● ACTION ITEM:
Every line from the one containing "this 1288×966 image." through the end of the data is to be copied exactly, and nothing outside that range.

● DATA RECORDS:
-------------------------
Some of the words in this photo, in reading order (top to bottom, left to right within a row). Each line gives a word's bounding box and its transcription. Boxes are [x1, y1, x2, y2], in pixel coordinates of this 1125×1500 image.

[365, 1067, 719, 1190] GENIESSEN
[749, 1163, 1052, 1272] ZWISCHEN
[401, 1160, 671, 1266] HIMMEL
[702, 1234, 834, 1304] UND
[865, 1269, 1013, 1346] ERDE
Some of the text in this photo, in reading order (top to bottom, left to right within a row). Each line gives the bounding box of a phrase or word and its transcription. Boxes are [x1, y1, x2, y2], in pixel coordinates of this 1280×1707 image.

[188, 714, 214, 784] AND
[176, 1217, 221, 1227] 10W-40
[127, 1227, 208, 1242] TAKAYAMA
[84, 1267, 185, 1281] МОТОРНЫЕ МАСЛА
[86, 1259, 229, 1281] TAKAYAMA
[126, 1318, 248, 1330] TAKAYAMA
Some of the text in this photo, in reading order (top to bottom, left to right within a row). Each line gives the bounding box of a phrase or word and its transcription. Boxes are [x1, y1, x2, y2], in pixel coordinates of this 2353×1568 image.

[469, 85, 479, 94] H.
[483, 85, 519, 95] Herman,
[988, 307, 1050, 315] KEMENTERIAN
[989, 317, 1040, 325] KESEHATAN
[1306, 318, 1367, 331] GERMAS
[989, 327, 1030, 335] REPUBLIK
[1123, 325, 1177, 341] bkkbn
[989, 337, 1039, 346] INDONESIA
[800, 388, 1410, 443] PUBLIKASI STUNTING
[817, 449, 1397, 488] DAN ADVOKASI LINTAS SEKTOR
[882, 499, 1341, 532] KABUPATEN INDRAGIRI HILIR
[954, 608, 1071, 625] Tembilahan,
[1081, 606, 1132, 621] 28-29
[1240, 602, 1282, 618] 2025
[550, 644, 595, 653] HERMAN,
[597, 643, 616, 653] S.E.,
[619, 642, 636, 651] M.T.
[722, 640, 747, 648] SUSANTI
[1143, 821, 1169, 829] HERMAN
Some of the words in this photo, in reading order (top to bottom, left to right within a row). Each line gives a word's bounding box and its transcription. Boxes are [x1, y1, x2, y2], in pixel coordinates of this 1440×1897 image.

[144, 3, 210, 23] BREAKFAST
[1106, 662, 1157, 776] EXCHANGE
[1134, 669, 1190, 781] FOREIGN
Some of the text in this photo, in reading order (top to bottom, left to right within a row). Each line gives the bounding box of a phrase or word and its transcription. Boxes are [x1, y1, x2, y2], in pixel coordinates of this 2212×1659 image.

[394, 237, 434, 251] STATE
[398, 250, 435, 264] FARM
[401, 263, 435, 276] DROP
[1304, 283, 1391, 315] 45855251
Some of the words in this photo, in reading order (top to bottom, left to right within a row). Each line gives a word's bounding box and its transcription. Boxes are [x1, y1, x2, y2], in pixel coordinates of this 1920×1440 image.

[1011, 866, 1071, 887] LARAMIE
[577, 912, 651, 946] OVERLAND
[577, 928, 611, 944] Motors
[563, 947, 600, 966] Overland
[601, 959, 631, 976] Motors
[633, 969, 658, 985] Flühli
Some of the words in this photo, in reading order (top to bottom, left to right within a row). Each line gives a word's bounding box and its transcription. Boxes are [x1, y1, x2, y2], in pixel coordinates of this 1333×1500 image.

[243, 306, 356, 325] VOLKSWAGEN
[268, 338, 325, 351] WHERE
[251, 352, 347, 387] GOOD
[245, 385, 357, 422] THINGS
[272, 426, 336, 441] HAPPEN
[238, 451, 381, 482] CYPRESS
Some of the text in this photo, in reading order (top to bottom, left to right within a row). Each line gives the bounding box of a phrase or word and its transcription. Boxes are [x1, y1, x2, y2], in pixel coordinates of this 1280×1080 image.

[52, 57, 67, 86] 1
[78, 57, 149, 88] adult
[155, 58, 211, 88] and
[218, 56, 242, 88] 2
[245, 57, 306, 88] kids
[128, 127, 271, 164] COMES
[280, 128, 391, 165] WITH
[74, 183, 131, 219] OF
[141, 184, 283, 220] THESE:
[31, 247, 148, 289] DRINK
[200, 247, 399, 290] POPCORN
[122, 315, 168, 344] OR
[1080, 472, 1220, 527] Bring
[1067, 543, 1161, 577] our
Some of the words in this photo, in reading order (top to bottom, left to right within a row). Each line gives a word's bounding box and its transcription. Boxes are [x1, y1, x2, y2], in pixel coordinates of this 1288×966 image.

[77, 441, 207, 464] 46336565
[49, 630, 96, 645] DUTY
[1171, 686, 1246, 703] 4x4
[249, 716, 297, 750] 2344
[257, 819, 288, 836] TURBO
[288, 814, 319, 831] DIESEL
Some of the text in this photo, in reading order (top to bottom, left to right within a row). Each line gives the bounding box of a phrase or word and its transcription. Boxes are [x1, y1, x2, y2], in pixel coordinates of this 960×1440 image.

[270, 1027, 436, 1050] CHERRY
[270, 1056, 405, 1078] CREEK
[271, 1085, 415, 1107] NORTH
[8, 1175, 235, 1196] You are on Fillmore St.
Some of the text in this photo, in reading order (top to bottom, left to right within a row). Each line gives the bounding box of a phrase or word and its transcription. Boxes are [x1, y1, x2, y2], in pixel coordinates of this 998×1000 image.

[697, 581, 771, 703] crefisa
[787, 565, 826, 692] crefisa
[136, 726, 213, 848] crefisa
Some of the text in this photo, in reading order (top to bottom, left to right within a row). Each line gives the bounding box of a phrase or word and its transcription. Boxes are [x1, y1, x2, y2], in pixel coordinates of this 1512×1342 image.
-------------------------
● ANSWER TO THE EXERCISE:
Some of the words in this photo, in reading order (top to bottom, left to right within a row). Each line gives a word's bounding box and its transcription. Boxes are [x1, y1, x2, y2], in pixel coordinates of this 1288×966 image.

[77, 441, 207, 464] 46336565
[49, 630, 96, 645] DUTY
[1171, 686, 1246, 703] 4x4
[249, 716, 297, 750] 2344
[257, 819, 288, 836] TURBO
[288, 814, 319, 831] DIESEL
Some of the text in this photo, in reading order (top to bottom, left to right within a row). Each line gives the bounding box of a phrase or word and its transcription. Boxes are [x1, y1, x2, y2], in pixel coordinates of this 960×1440 image.

[270, 1027, 436, 1050] CHERRY
[270, 1056, 405, 1078] CREEK
[271, 1085, 415, 1107] NORTH
[8, 1175, 235, 1196] You are on Fillmore St.
Some of the text in this photo, in reading order (top to bottom, left to right within a row). Each line gives the bounding box of a phrase or word and its transcription. Boxes are [x1, y1, x2, y2], in pixel coordinates of this 998×1000 image.

[697, 581, 771, 703] crefisa
[787, 565, 826, 692] crefisa
[136, 726, 213, 848] crefisa
Some of the text in this photo, in reading order (top to bottom, left to right within a row). Each line gives the bounding box of a phrase or word and its transcription. Boxes are [x1, y1, x2, y2], in pixel coordinates of this 1512×1342 image.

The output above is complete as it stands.